I carried on as best I could, hoping the 40 minutes would soon be over. A little voice began whispering in my ear. It said, “Charles, the reason for this cold reception is that you are wrong. You were invited here by accident, but you are not really part of their world, and for good reason – you don't have what it takes. You are a pretender, a dilettante. You don't belong in the big leagues where everyone wears a suit and tie. Maybe the less intelligent, less successful hippies you usually speak to lap up your validation of their own failure, but these folks know better.”

After the talk a lot of people came up to thank me for the speech. They said the usual things about how inspiring it was, but I didn't believe them, not all the way. That little voice was attached to me like a parasite. Even when people said, “Turkish people are very reserved. They show approval by silence,” I wasn't mollified. Nor did the assurance mollify me that “many people in the audience are having such thoughts in secret. Your words will stay with them, even if they are not ready to fully accept them yet.”

Dear readers, please don't flood me with reassuring letters telling me that voice is wrong. I know it is just a voice, just a story. I'm not describing this experience to fish for reassurance. I want to expose that voice, to name it, because I think that almost everyone working to change the world hears that same voice from time to time. It is part of the defense apparatus of the world as we know it.  Consensus reality casts its shadow into the psyche of each one of us.

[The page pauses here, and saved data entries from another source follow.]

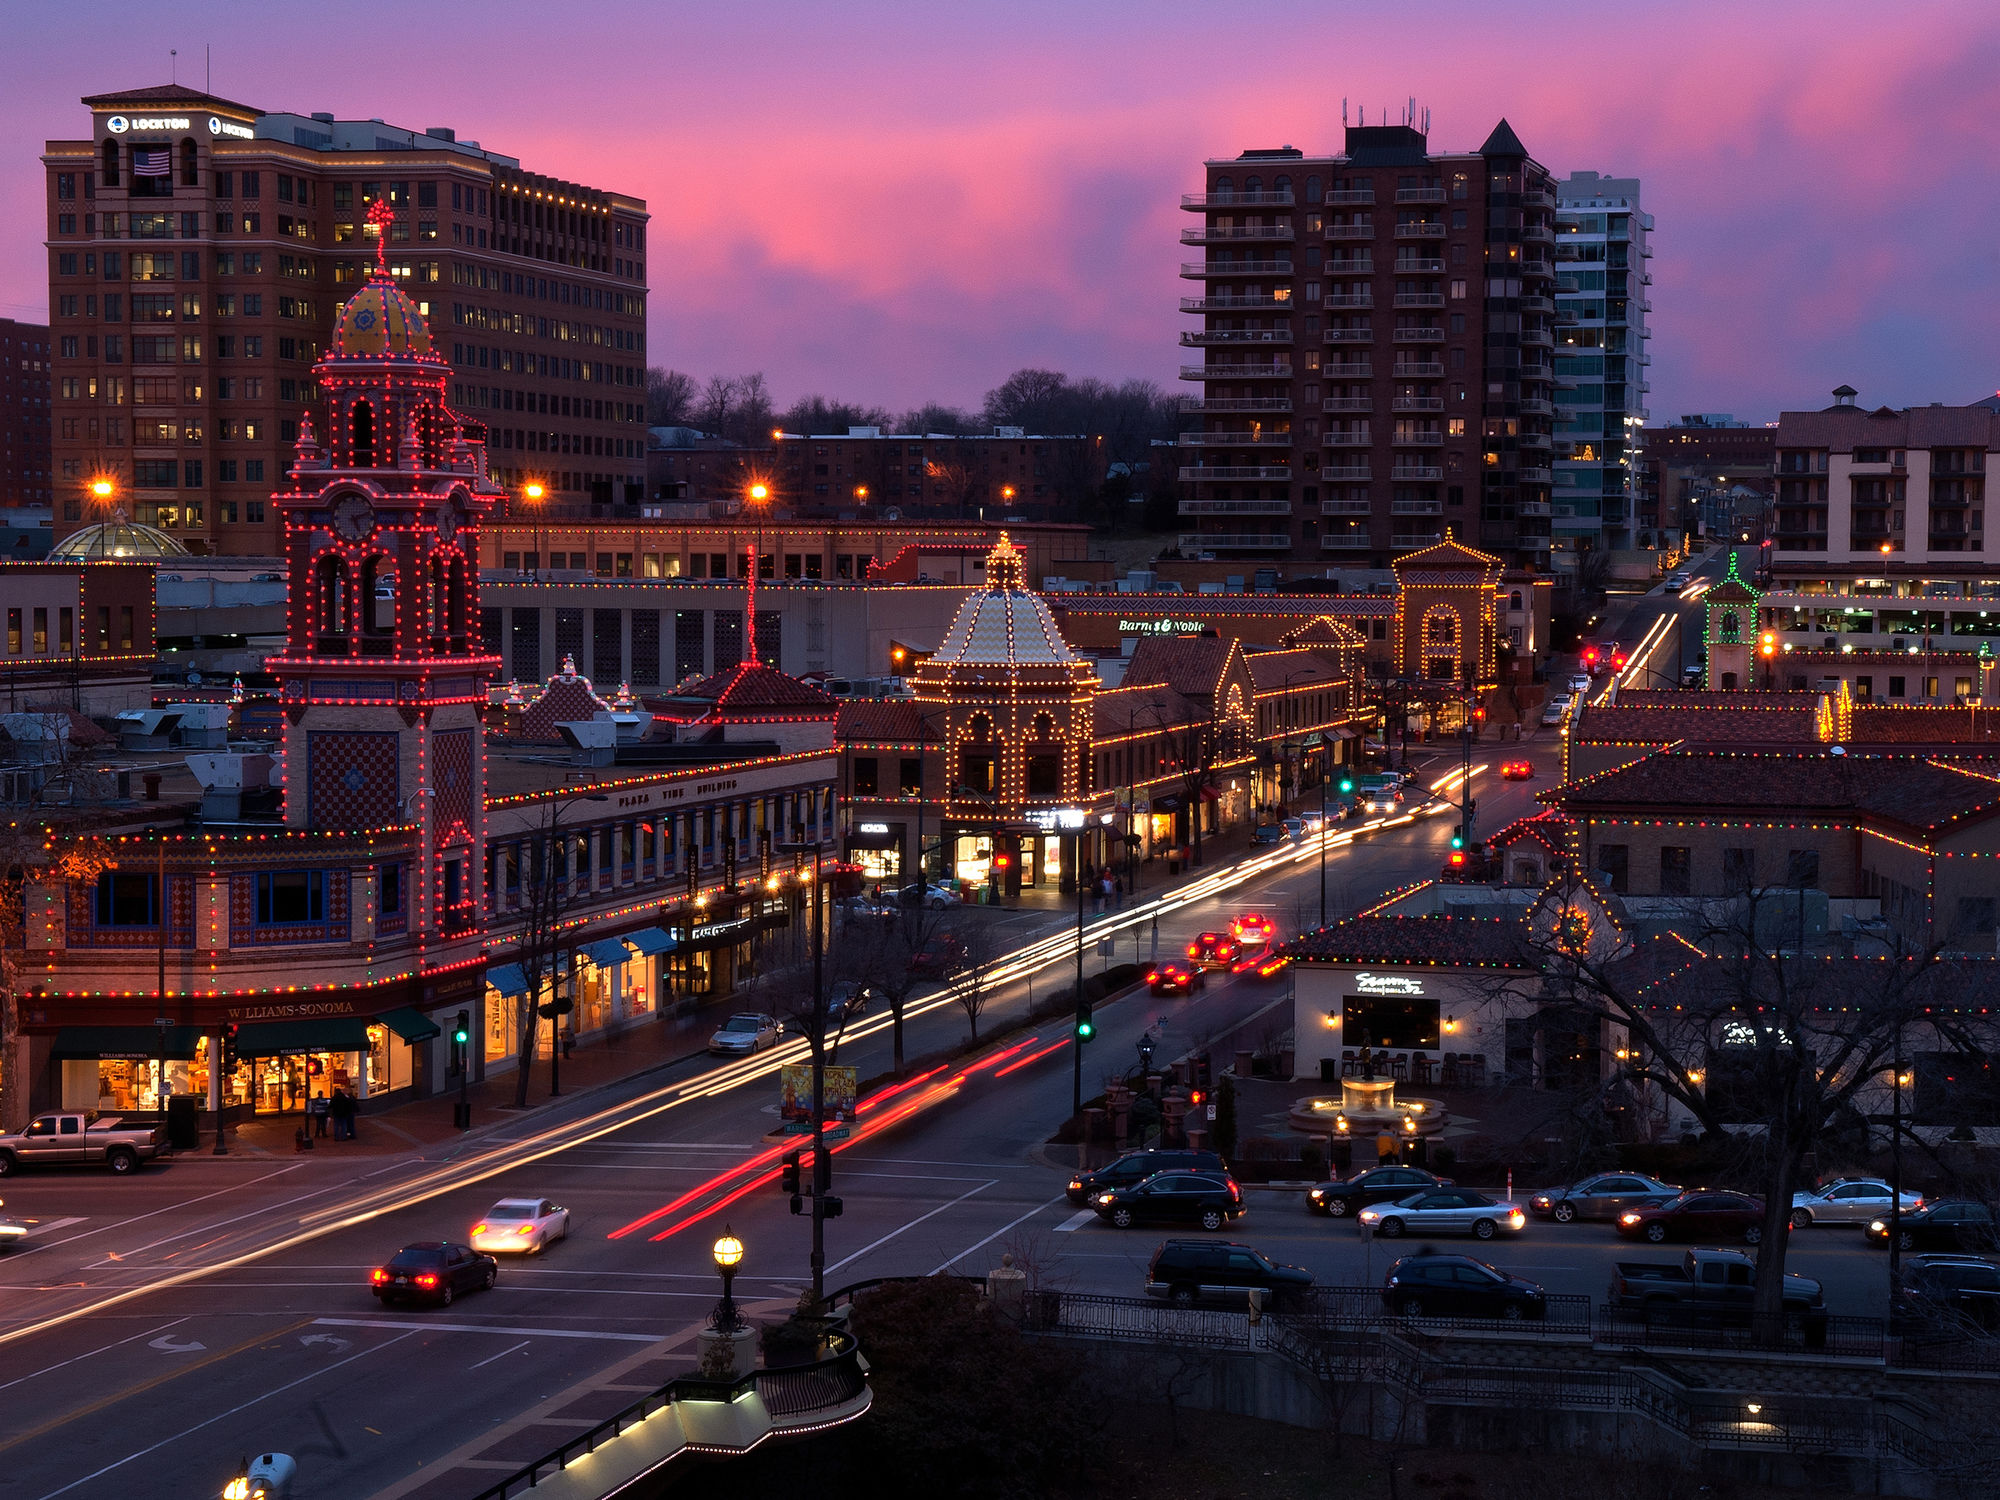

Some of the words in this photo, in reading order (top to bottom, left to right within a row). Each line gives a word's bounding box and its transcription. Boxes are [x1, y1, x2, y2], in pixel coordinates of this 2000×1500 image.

[132, 118, 190, 130] LOCKTON
[1160, 618, 1172, 632] &
[1173, 621, 1205, 632] Noble
[618, 794, 650, 808] PLAZA
[662, 788, 685, 800] TIME
[697, 780, 738, 795] BUILDING
[228, 1001, 354, 1019] WLLIAMS-SONOMA
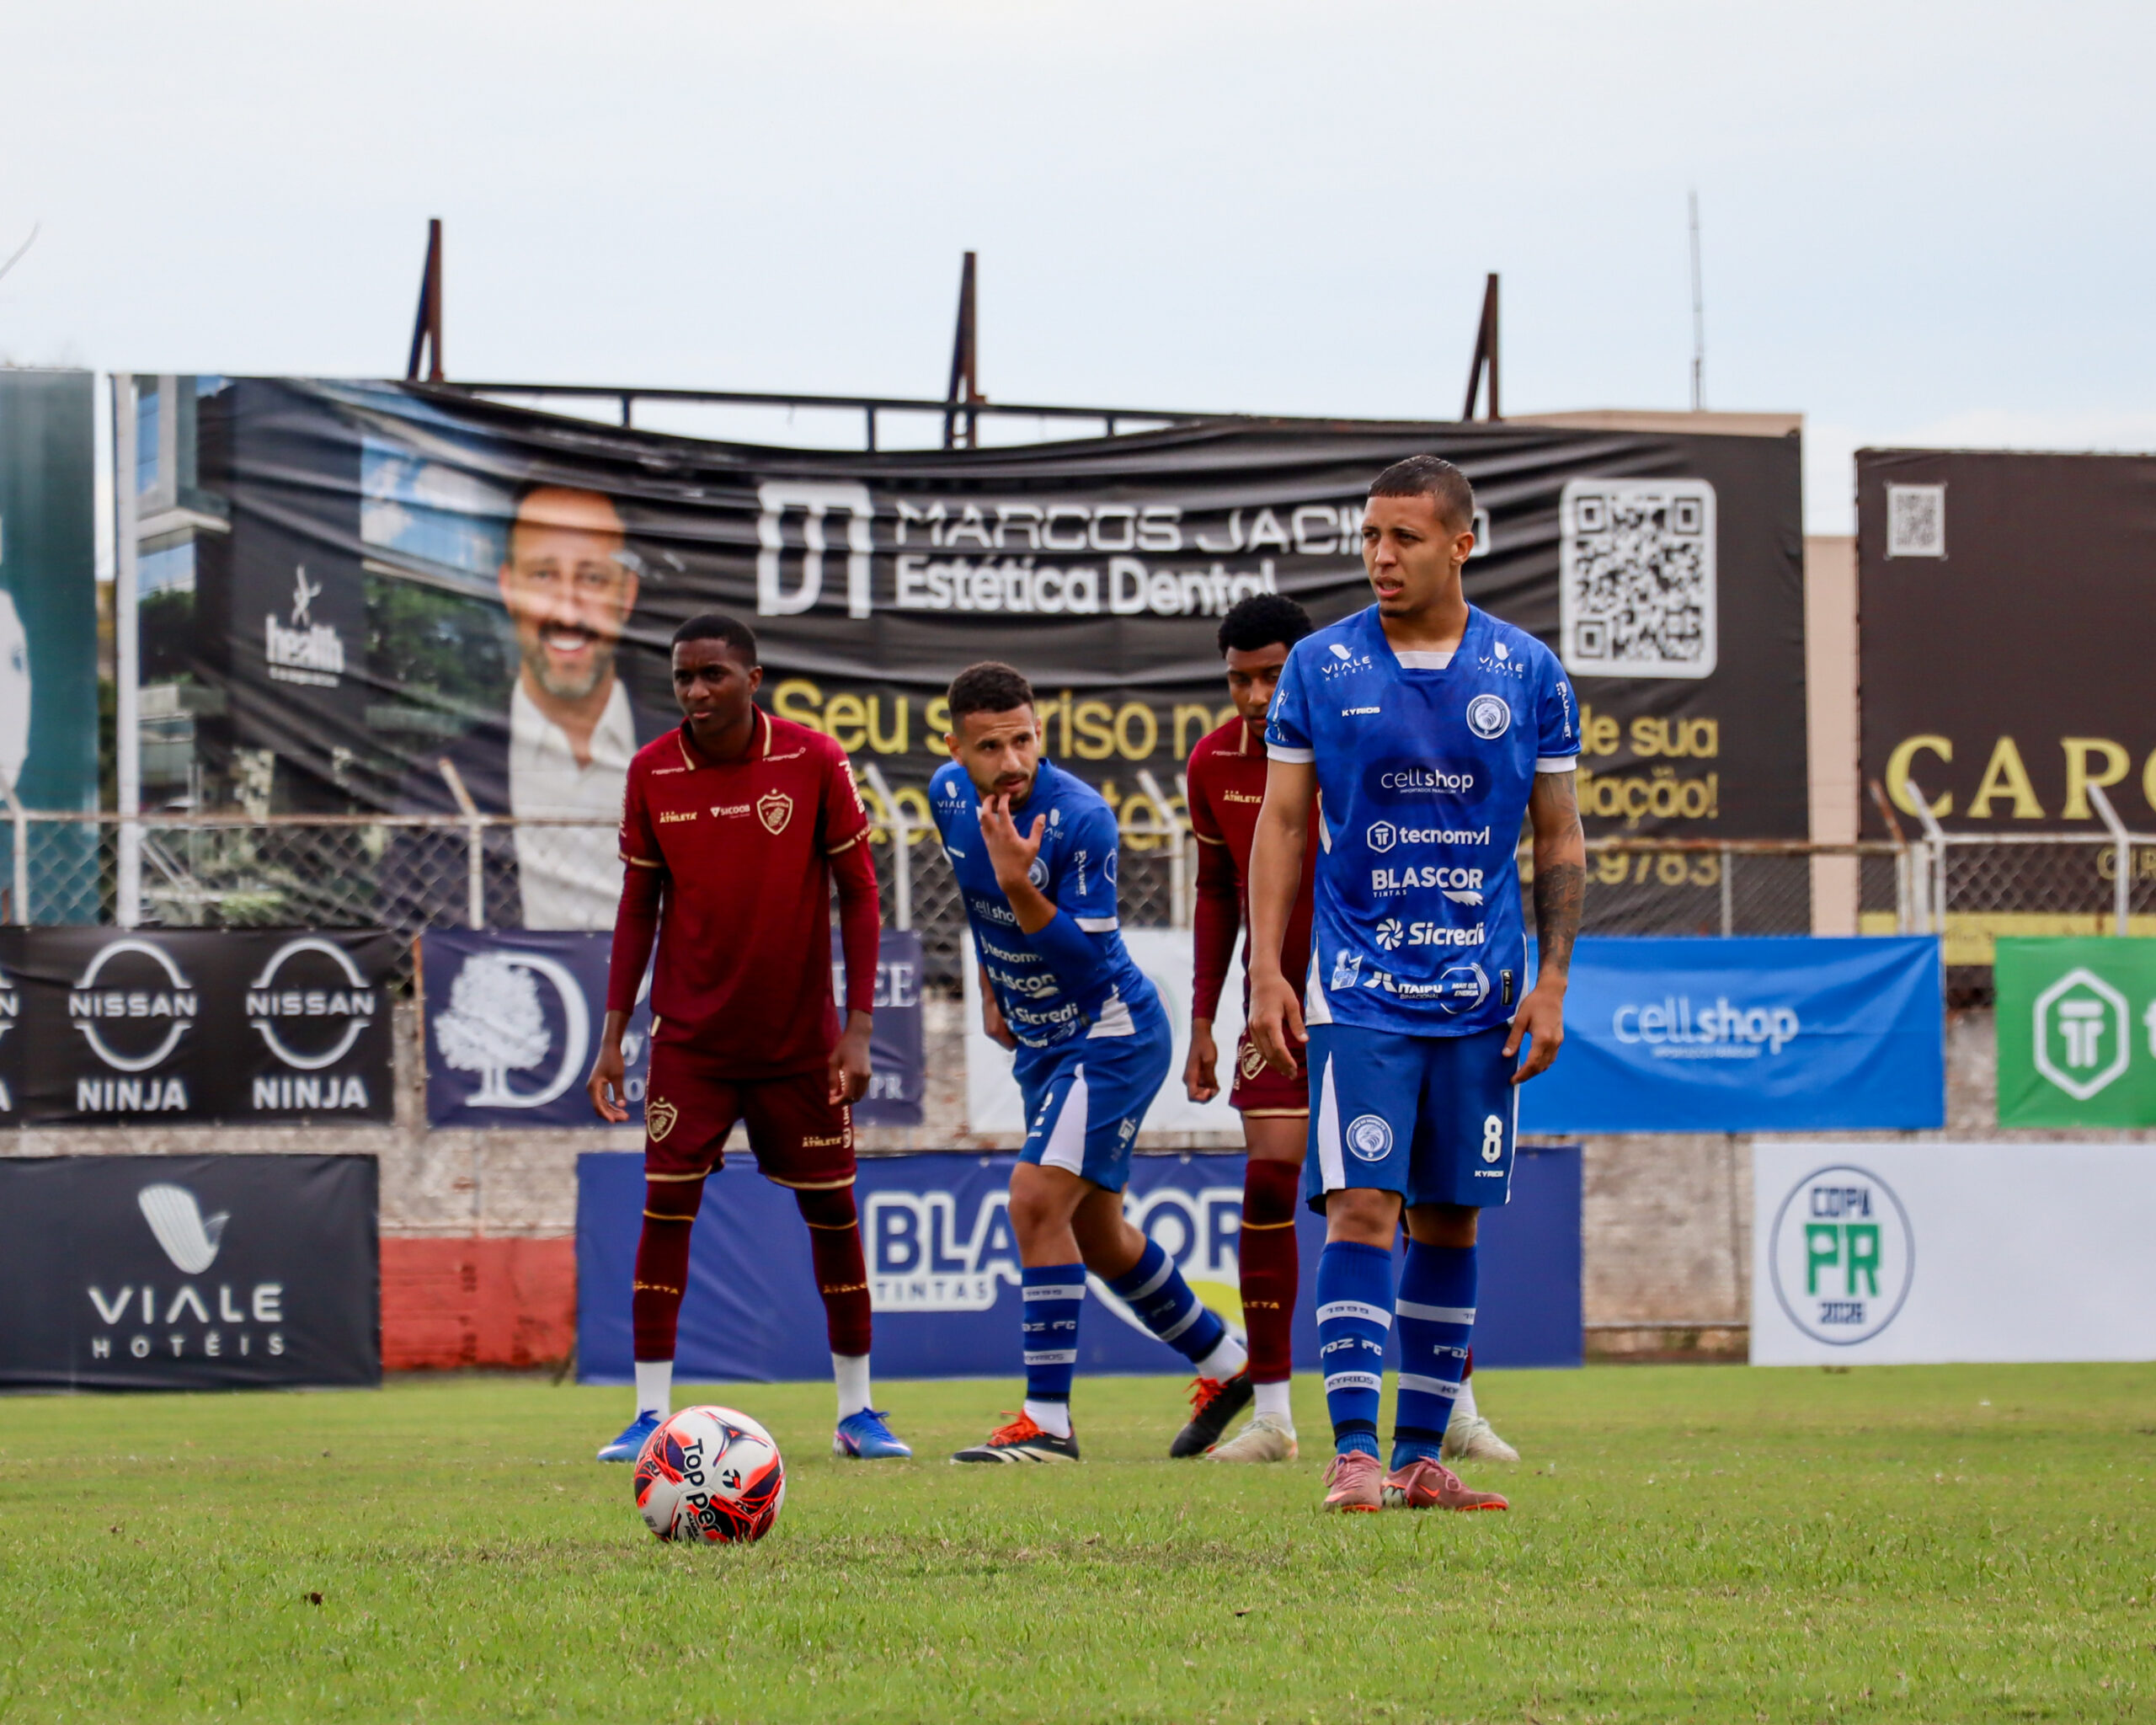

The stories that inhabit us are not mere intellectual constructs, devoid of emotional content, but are part of an entire state of being. A little part of me believes that voice, a hurting part of me. That voice is the voice of a wound, calling for attention. It is a wound many of us share, plunged as we are into a society whose consensus beliefs defy our sense of rightness, fairness, and justice a world that defies our heart-knowledge that the world is supposed to be more beautiful and life more authentic, intimate, joyful than what has been presented as normal. The voice says, “No, the world is fine. The problem is you.” And our social institutions back it up with shaming and humiliation from childhood on.

And there is more. I am sure that some of my supporters will hasten to assure me that the little voice is lying. Yes. But within every lie there is a grain of truth. To blithely dismiss any criticism or self-criticism with non-falsifiable excuses like, “They just aren't ready for it,” or, “It worked, there just isn't any evidence of it,” shuts the door to growth and creates a division of the world into those who “get it” and those who do not, those who are awakening and those who aren't. All of us, in one way or another, carry invisible habits and beliefs of the old world into the new. Only something from the outside – a collision with reality – can  reveal what was invisible.

The painful emotions I experienced with the voice that assailed me at my speech indicate that it indeed was expressing a wound. Beyond that, though, I am looking for the truth in the lie. The grain of truth here has yet to reveal itself. It isn't just that I “didn't respect where people are at,” or that I was judgmental, or that I need to conform to the protocol of a keynote speaker or display the symbols of legitimacy in order to be heard. I've gone through all those possibilities. There is something else.